The Average $5 Billion Company Incurs Delays of Roughly 5 Weeks Per Year in New Product Launches due to Missed Risks, with a $99 Million Opportunity Cost
Moreover, in a related survey of 111 emerging risk management (ERM) leaders, just 6% felt that their organization’s risk response was timely during strategic initiatives.
“These findings show that risk response usually is not timely,” said Emily Riley, senior principal, research in the Gartner Audit and Risk practice. “But they also show the huge cost of an untimely response.

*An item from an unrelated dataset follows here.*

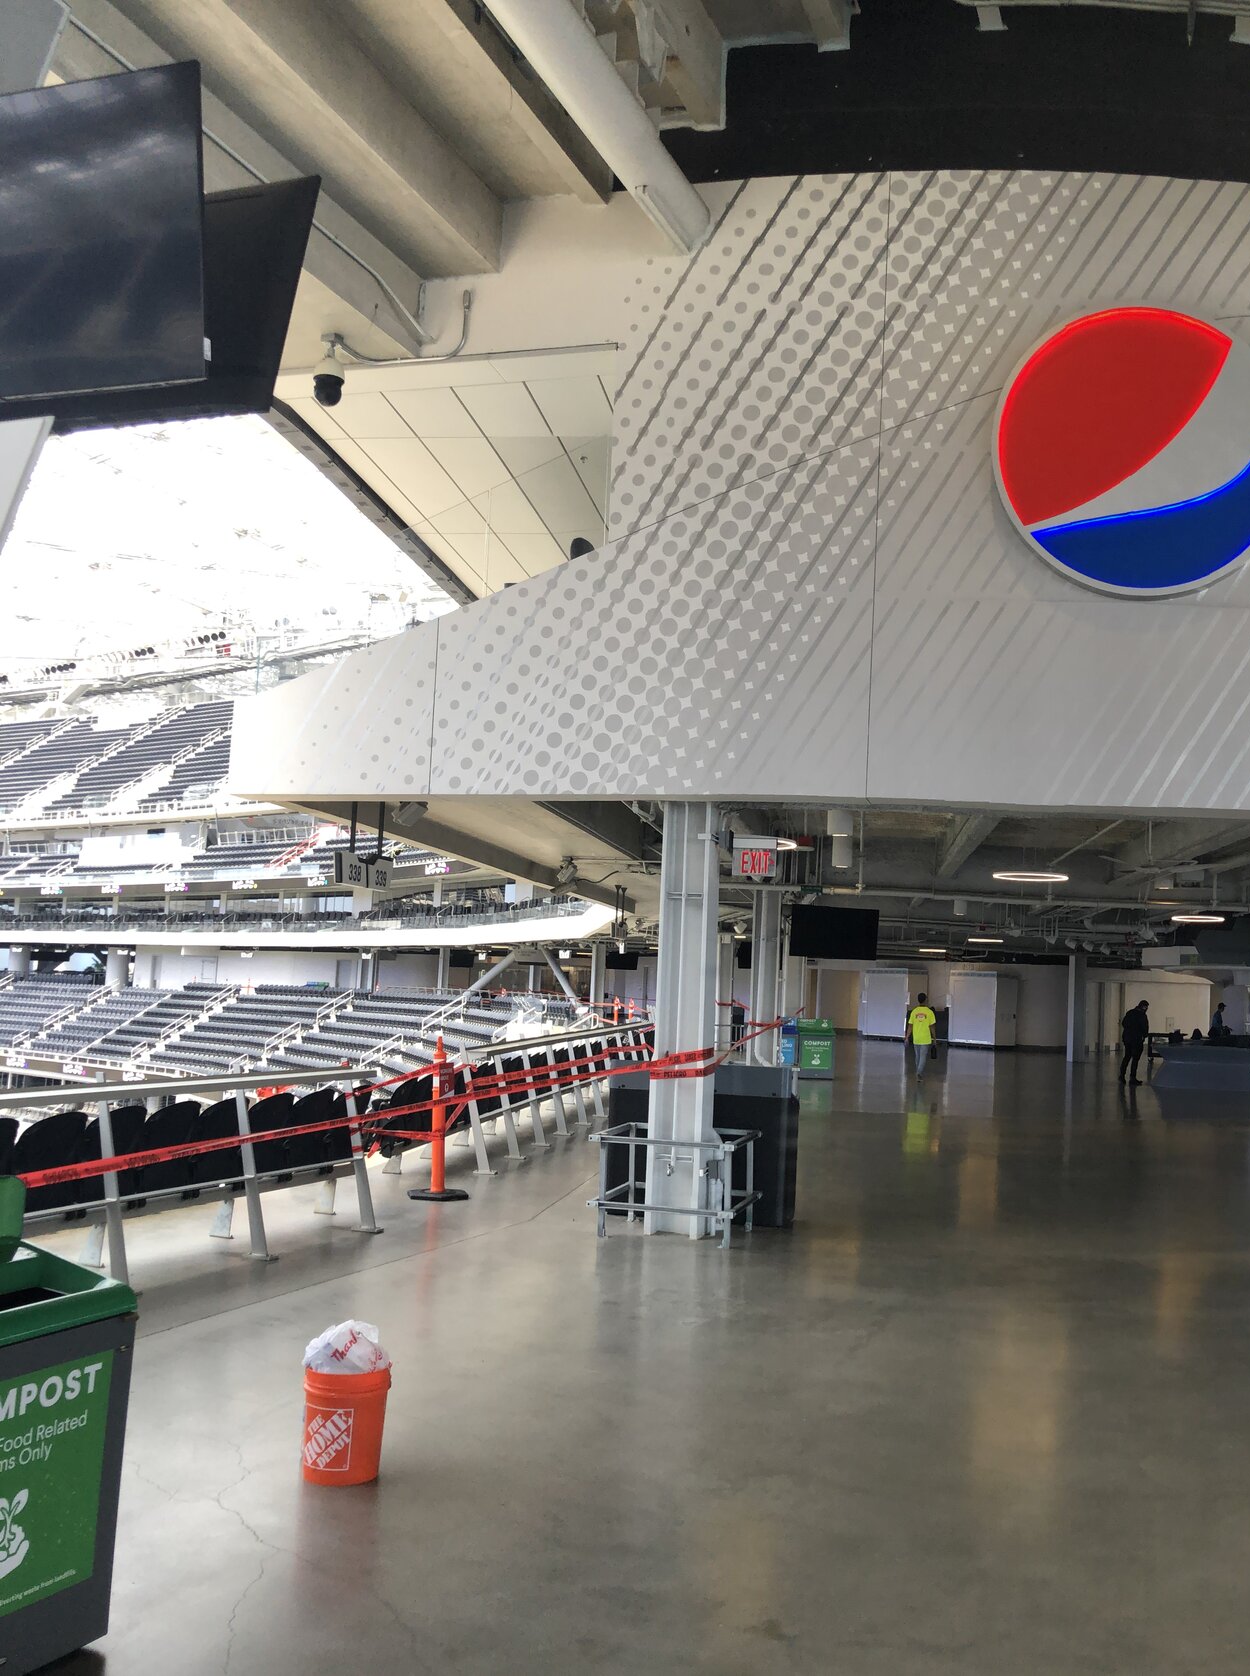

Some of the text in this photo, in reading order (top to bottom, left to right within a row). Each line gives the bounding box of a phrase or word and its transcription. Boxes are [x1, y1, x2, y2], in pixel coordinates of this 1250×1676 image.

The recent COVID-19 pandemic illustrates the need for an agile response to unexpected risks.”
Gartner experts looked at how strategic initiatives performed against several measures and how this was affected by the timeliness of risk responses (see Figure 1.)
Seventy-six percent of ERM heads said they wanted to increase the proportion of their time they spend on strategic initiatives. More than half said that their involvement should come at the earliest stages of a strategic initiative. Yet currently just 11% feel they are involved before an initiative’s execution.
Information Roadblocks
“The problem we often see is initiative teams are not getting the information they need to act on risks in a timely manner,” said Ms. Riley. “This is one area where ERM teams can add value.”
This can have several root causes. Sometimes many individuals are involved in an initiative without clear accountability to one another. There is also often a sensitivity to candidly sharing information about threats to high stakes projects. Another common cause is a focus on performance metrics that overshadows forward-looking considerations.
“ERM’s role should be to connect initiative teams with subject matter experts, to facilitate opportunities for anonymous sharing of concerns, and to develop risk indicators that consider leading indicators of project success,” said Ms. Riley.